_DATA IN THIS EXERCISE_.
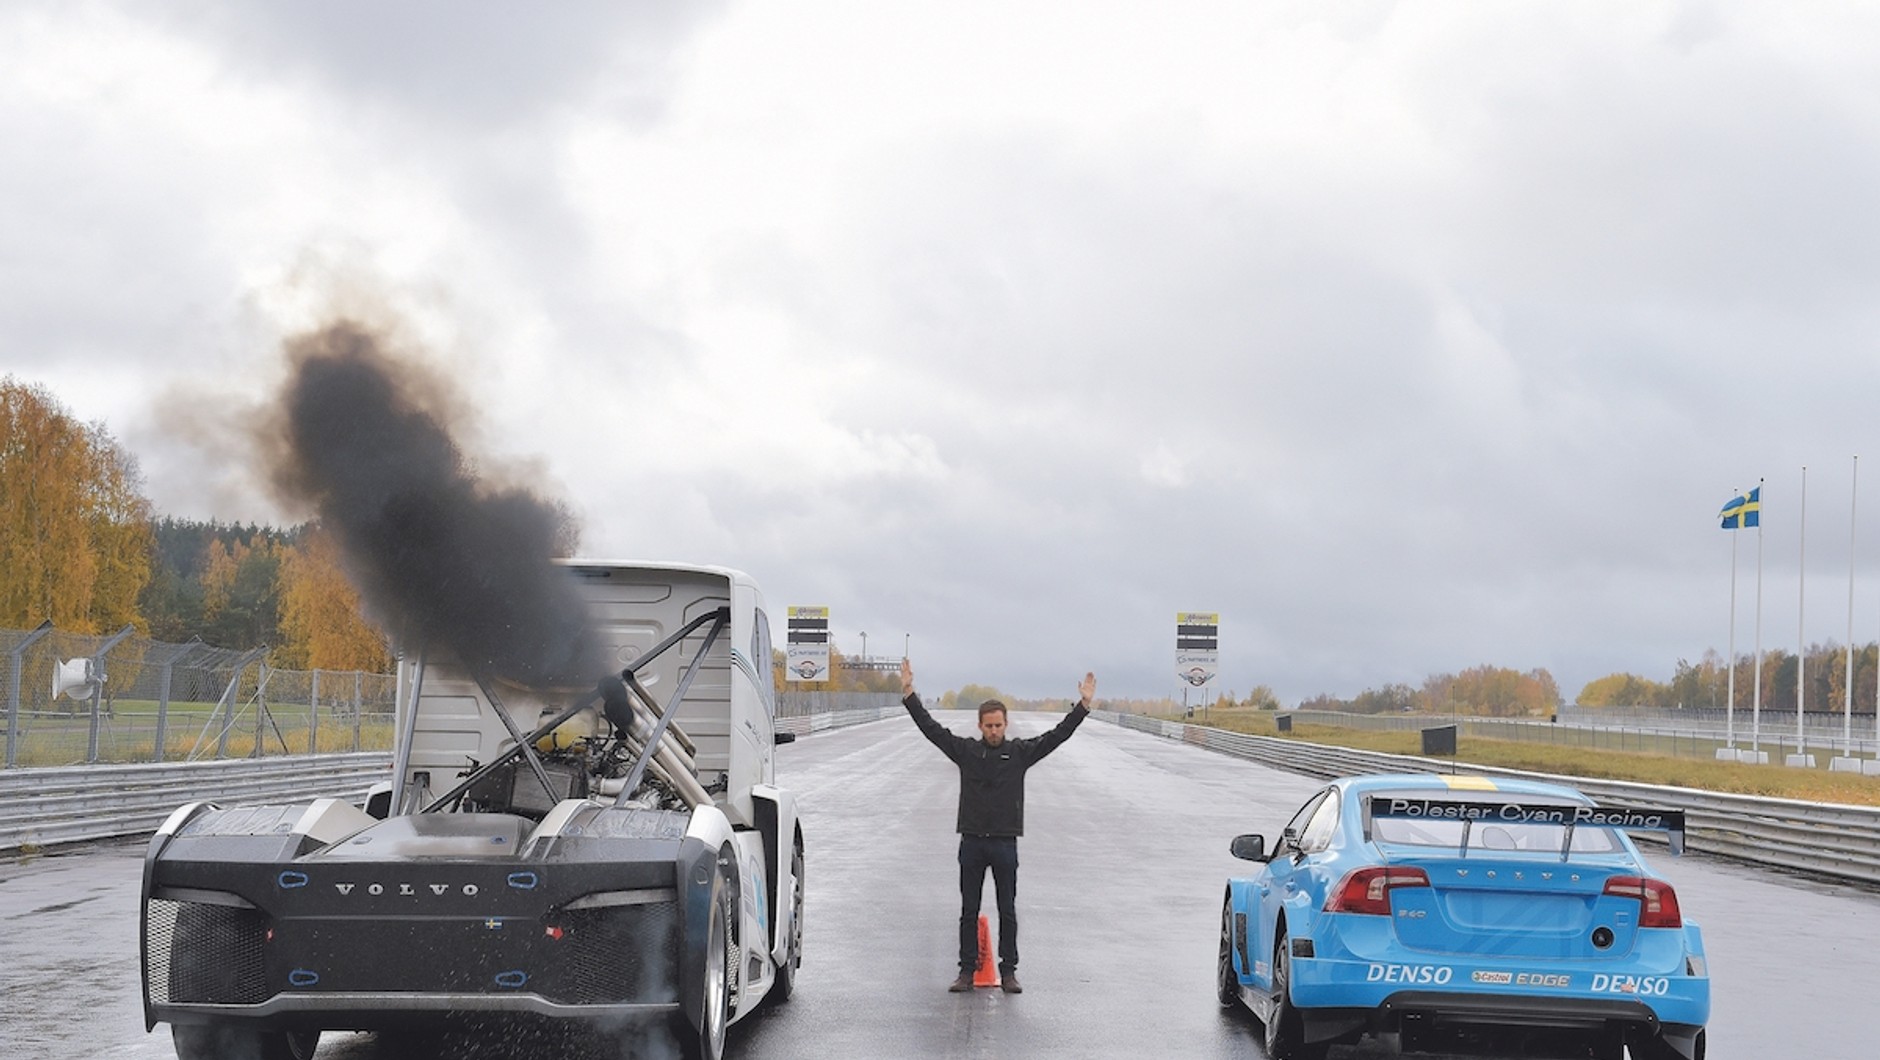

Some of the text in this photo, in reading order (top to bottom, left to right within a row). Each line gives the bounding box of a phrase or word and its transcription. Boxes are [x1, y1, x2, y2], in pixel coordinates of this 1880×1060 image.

[1388, 800, 1663, 829] Polestar Cyan Racing
[335, 883, 480, 896] VOLVO
[1366, 964, 1453, 985] DENSO
[1481, 973, 1571, 987] Castrol EDGE
[1591, 974, 1669, 996] DENSO

_PROBLEM_. A faithful copy of the entries above is needed, one that contains no images.

_REPLY TO THE EXERCISE_.
Some of the text in this photo, in reading order (top to bottom, left to right within a row). Each line gives the bounding box of a phrase or word and its transcription. Boxes are [x1, y1, x2, y2], in pixel coordinates of this 1880×1060 image.

[1388, 800, 1663, 829] Polestar Cyan Racing
[335, 883, 480, 896] VOLVO
[1366, 964, 1453, 985] DENSO
[1481, 973, 1571, 987] Castrol EDGE
[1591, 974, 1669, 996] DENSO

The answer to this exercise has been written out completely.